▶ _TASK DESCRIPTION_: Please reproduce the records below exactly, omitting any pictures they contain.

*** DATASET RECORDS ***

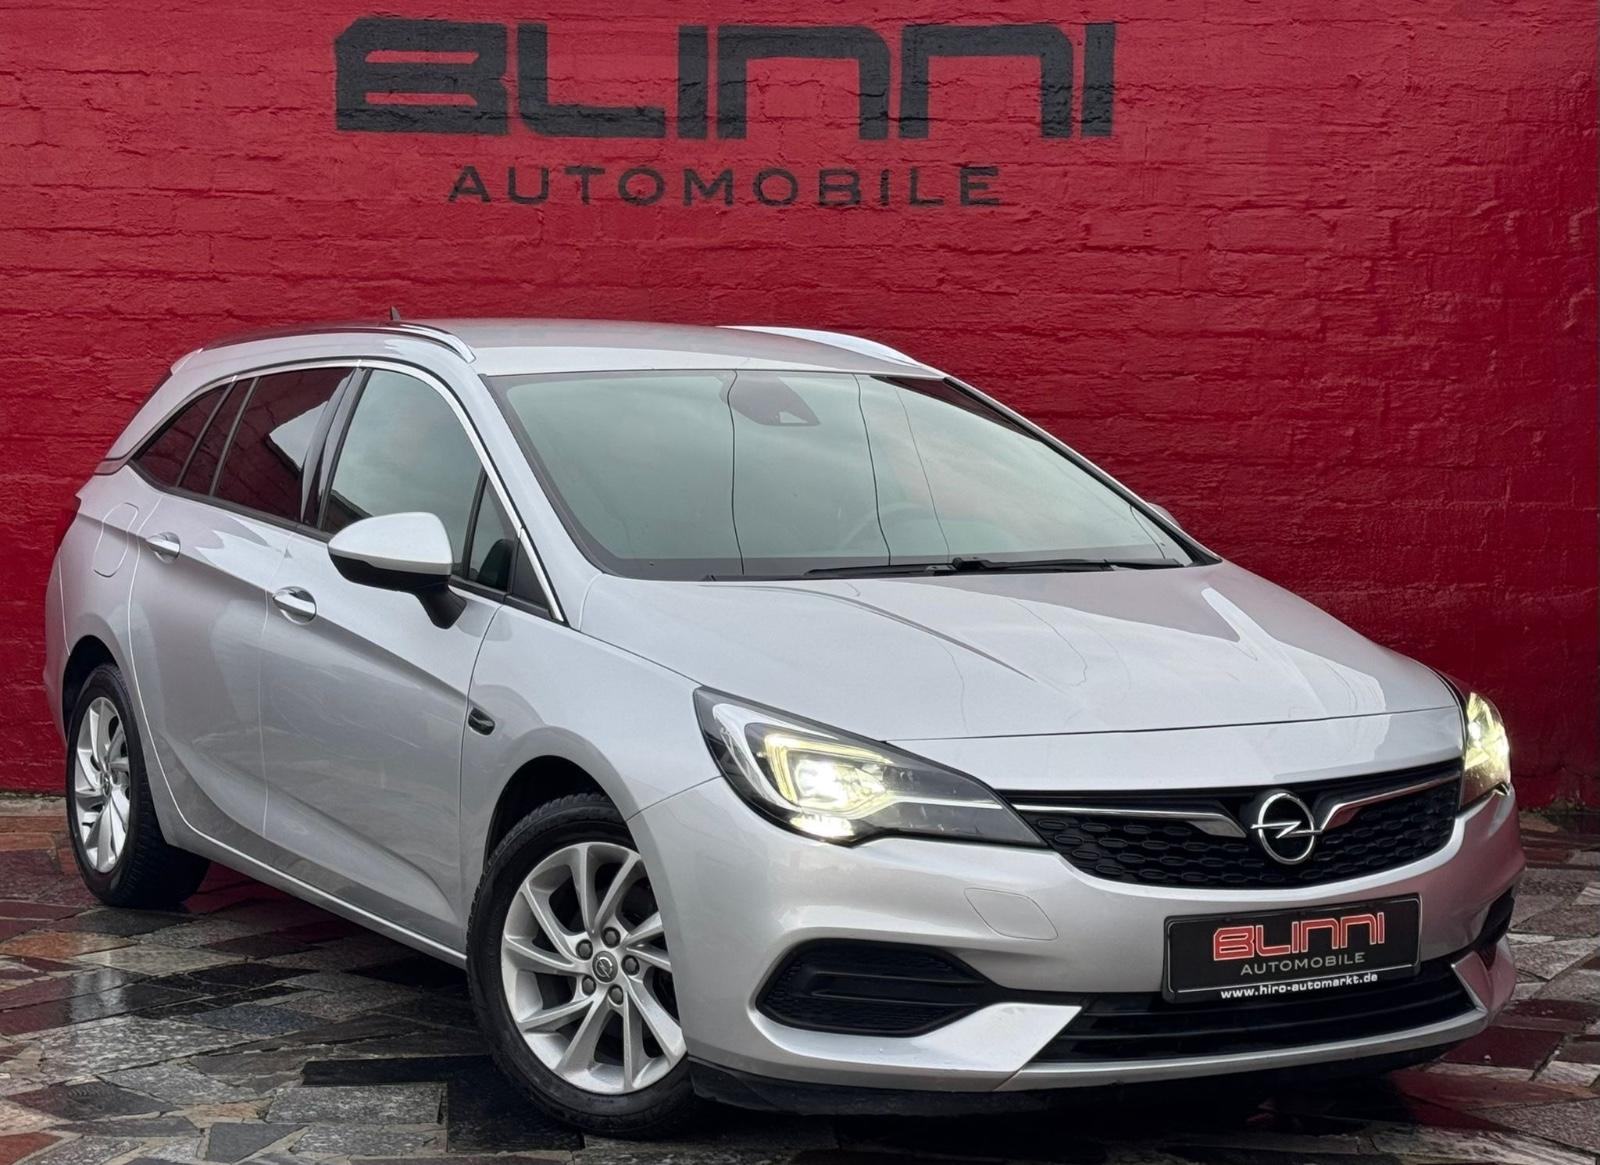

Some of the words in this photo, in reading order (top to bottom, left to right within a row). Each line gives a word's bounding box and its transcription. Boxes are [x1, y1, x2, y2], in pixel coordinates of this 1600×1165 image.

[335, 17, 1115, 140] BLINNI
[450, 165, 1001, 207] AUTOMOBILE
[1213, 912, 1385, 961] BLINNI
[1240, 952, 1365, 976] AUTOMOBILE
[1221, 972, 1378, 999] www.hiro-automarkt.de
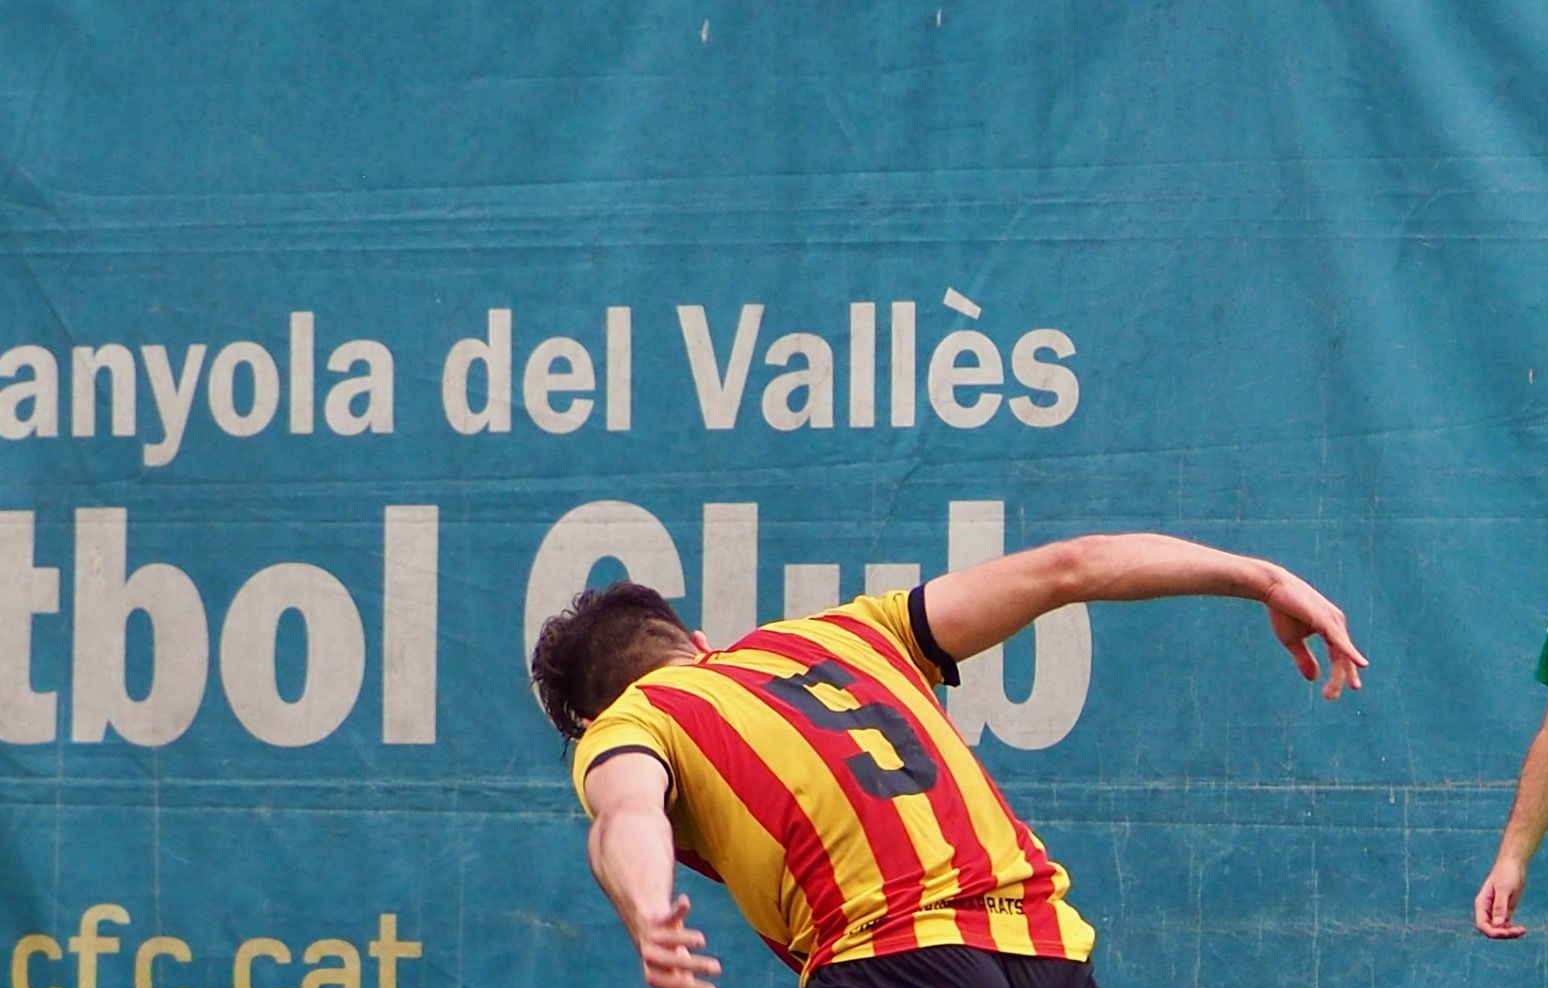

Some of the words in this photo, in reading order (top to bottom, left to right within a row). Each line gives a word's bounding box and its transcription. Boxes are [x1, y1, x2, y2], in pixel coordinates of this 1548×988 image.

[0, 311, 395, 467] anyola
[442, 306, 631, 435] del
[677, 287, 1080, 431] Vallès
[0, 504, 439, 748] tbol
[762, 659, 938, 800] 5

*** End of DATASET RECORDS ***

▶ _ANSWER TO THE EXERCISE_:
Some of the words in this photo, in reading order (top to bottom, left to right within a row). Each line gives a word's bounding box and its transcription. Boxes are [x1, y1, x2, y2], in pixel coordinates of this 1600×1165 image.

[335, 17, 1115, 140] BLINNI
[450, 165, 1001, 207] AUTOMOBILE
[1213, 912, 1385, 961] BLINNI
[1240, 952, 1365, 976] AUTOMOBILE
[1221, 972, 1378, 999] www.hiro-automarkt.de

Some of the words in this photo, in reading order (top to bottom, left to right within a row). Each line gives a word's bounding box and its transcription. Boxes are [x1, y1, x2, y2], in pixel coordinates of this 1548×988 image.

[0, 311, 395, 467] anyola
[442, 306, 631, 435] del
[677, 287, 1080, 431] Vallès
[0, 504, 439, 748] tbol
[762, 659, 938, 800] 5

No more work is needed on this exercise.